_EXERCISE INPUTS_.
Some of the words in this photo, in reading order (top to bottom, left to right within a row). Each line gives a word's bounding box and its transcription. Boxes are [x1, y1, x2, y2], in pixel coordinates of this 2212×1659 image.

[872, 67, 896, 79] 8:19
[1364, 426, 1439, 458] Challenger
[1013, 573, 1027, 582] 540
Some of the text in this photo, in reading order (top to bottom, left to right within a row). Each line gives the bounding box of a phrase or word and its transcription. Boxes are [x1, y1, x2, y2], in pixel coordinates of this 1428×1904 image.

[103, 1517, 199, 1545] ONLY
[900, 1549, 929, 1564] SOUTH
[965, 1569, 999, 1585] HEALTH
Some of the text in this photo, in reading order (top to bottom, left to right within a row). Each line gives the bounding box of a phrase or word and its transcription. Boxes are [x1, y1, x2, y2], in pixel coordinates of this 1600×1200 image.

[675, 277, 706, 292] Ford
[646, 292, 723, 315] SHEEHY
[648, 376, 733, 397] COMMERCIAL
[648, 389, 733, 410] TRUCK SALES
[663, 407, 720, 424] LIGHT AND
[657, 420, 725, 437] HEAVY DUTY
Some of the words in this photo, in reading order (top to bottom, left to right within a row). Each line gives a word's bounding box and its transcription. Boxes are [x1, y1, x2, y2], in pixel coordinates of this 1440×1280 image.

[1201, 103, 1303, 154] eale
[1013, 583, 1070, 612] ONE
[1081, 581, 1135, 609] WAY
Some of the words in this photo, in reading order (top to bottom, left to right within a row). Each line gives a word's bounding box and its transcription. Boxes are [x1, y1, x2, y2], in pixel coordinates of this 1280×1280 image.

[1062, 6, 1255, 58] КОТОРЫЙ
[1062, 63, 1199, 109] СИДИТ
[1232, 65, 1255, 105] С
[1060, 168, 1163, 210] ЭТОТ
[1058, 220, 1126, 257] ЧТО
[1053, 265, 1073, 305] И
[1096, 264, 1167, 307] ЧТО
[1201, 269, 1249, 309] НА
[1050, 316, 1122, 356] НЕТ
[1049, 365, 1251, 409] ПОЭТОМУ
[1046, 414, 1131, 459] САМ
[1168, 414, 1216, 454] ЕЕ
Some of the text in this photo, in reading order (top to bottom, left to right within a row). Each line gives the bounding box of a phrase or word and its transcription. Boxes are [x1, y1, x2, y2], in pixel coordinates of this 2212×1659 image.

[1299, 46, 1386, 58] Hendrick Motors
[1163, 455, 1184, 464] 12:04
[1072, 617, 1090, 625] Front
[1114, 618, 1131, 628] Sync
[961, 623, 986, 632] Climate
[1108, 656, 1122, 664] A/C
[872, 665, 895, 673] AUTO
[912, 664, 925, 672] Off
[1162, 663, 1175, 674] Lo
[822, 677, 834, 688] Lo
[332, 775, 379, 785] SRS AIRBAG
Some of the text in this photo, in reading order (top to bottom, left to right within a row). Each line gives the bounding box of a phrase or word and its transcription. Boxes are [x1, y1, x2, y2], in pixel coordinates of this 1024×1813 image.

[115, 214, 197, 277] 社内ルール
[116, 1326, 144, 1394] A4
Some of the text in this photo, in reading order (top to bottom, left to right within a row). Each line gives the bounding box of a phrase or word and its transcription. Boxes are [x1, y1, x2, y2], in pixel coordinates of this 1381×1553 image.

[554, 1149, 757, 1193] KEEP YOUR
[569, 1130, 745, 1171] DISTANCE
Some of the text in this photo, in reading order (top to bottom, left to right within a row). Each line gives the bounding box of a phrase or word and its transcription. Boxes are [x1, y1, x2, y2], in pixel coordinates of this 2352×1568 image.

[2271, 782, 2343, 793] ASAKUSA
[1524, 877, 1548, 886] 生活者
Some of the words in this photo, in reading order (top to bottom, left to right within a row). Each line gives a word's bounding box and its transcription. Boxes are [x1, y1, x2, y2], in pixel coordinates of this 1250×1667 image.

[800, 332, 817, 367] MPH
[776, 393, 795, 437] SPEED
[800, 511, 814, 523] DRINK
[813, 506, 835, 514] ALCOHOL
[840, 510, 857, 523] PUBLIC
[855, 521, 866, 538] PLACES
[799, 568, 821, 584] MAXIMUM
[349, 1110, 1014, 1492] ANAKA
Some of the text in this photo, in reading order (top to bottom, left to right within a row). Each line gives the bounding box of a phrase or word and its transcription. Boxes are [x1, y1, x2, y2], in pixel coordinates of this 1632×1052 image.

_YOUR ASSIGNMENT_. Output the listing above without altering a single character.

_RESPONSE_.
Some of the words in this photo, in reading order (top to bottom, left to right within a row). Each line gives a word's bounding box and its transcription. Boxes are [x1, y1, x2, y2], in pixel coordinates of this 2212×1659 image.

[872, 67, 896, 79] 8:19
[1364, 426, 1439, 458] Challenger
[1013, 573, 1027, 582] 540
Some of the text in this photo, in reading order (top to bottom, left to right within a row). Each line gives the bounding box of a phrase or word and its transcription. Boxes are [x1, y1, x2, y2], in pixel coordinates of this 1428×1904 image.

[103, 1517, 199, 1545] ONLY
[900, 1549, 929, 1564] SOUTH
[965, 1569, 999, 1585] HEALTH
Some of the text in this photo, in reading order (top to bottom, left to right within a row). Each line gives the bounding box of a phrase or word and its transcription. Boxes are [x1, y1, x2, y2], in pixel coordinates of this 1600×1200 image.

[675, 277, 706, 292] Ford
[646, 292, 723, 315] SHEEHY
[648, 376, 733, 397] COMMERCIAL
[648, 389, 733, 410] TRUCK SALES
[663, 407, 720, 424] LIGHT AND
[657, 420, 725, 437] HEAVY DUTY
Some of the words in this photo, in reading order (top to bottom, left to right within a row). Each line gives a word's bounding box and its transcription. Boxes are [x1, y1, x2, y2], in pixel coordinates of this 1440×1280 image.

[1201, 103, 1303, 154] eale
[1013, 583, 1070, 612] ONE
[1081, 581, 1135, 609] WAY
Some of the words in this photo, in reading order (top to bottom, left to right within a row). Each line gives a word's bounding box and its transcription. Boxes are [x1, y1, x2, y2], in pixel coordinates of this 1280×1280 image.

[1062, 6, 1255, 58] КОТОРЫЙ
[1062, 63, 1199, 109] СИДИТ
[1232, 65, 1255, 105] С
[1060, 168, 1163, 210] ЭТОТ
[1058, 220, 1126, 257] ЧТО
[1053, 265, 1073, 305] И
[1096, 264, 1167, 307] ЧТО
[1201, 269, 1249, 309] НА
[1050, 316, 1122, 356] НЕТ
[1049, 365, 1251, 409] ПОЭТОМУ
[1046, 414, 1131, 459] САМ
[1168, 414, 1216, 454] ЕЕ
Some of the text in this photo, in reading order (top to bottom, left to right within a row). Each line gives the bounding box of a phrase or word and its transcription. Boxes are [x1, y1, x2, y2], in pixel coordinates of this 2212×1659 image.

[1299, 46, 1386, 58] Hendrick Motors
[1163, 455, 1184, 464] 12:04
[1072, 617, 1090, 625] Front
[1114, 618, 1131, 628] Sync
[961, 623, 986, 632] Climate
[1108, 656, 1122, 664] A/C
[872, 665, 895, 673] AUTO
[912, 664, 925, 672] Off
[1162, 663, 1175, 674] Lo
[822, 677, 834, 688] Lo
[332, 775, 379, 785] SRS AIRBAG
Some of the text in this photo, in reading order (top to bottom, left to right within a row). Each line gives the bounding box of a phrase or word and its transcription. Boxes are [x1, y1, x2, y2], in pixel coordinates of this 1024×1813 image.

[115, 214, 197, 277] 社内ルール
[116, 1326, 144, 1394] A4
Some of the text in this photo, in reading order (top to bottom, left to right within a row). Each line gives the bounding box of a phrase or word and its transcription. Boxes are [x1, y1, x2, y2], in pixel coordinates of this 1381×1553 image.

[554, 1149, 757, 1193] KEEP YOUR
[569, 1130, 745, 1171] DISTANCE
Some of the text in this photo, in reading order (top to bottom, left to right within a row). Each line gives the bounding box of a phrase or word and its transcription. Boxes are [x1, y1, x2, y2], in pixel coordinates of this 2352×1568 image.

[2271, 782, 2343, 793] ASAKUSA
[1524, 877, 1548, 886] 生活者
Some of the words in this photo, in reading order (top to bottom, left to right within a row). Each line gives a word's bounding box and its transcription. Boxes are [x1, y1, x2, y2], in pixel coordinates of this 1250×1667 image.

[800, 332, 817, 367] MPH
[776, 393, 795, 437] SPEED
[800, 511, 814, 523] DRINK
[813, 506, 835, 514] ALCOHOL
[840, 510, 857, 523] PUBLIC
[855, 521, 866, 538] PLACES
[799, 568, 821, 584] MAXIMUM
[349, 1110, 1014, 1492] ANAKA
Some of the text in this photo, in reading order (top to bottom, left to right within a row). Each line gives the bounding box of a phrase or word and its transcription. Boxes are [x1, y1, x2, y2], in pixel coordinates of this 1632×1052 image.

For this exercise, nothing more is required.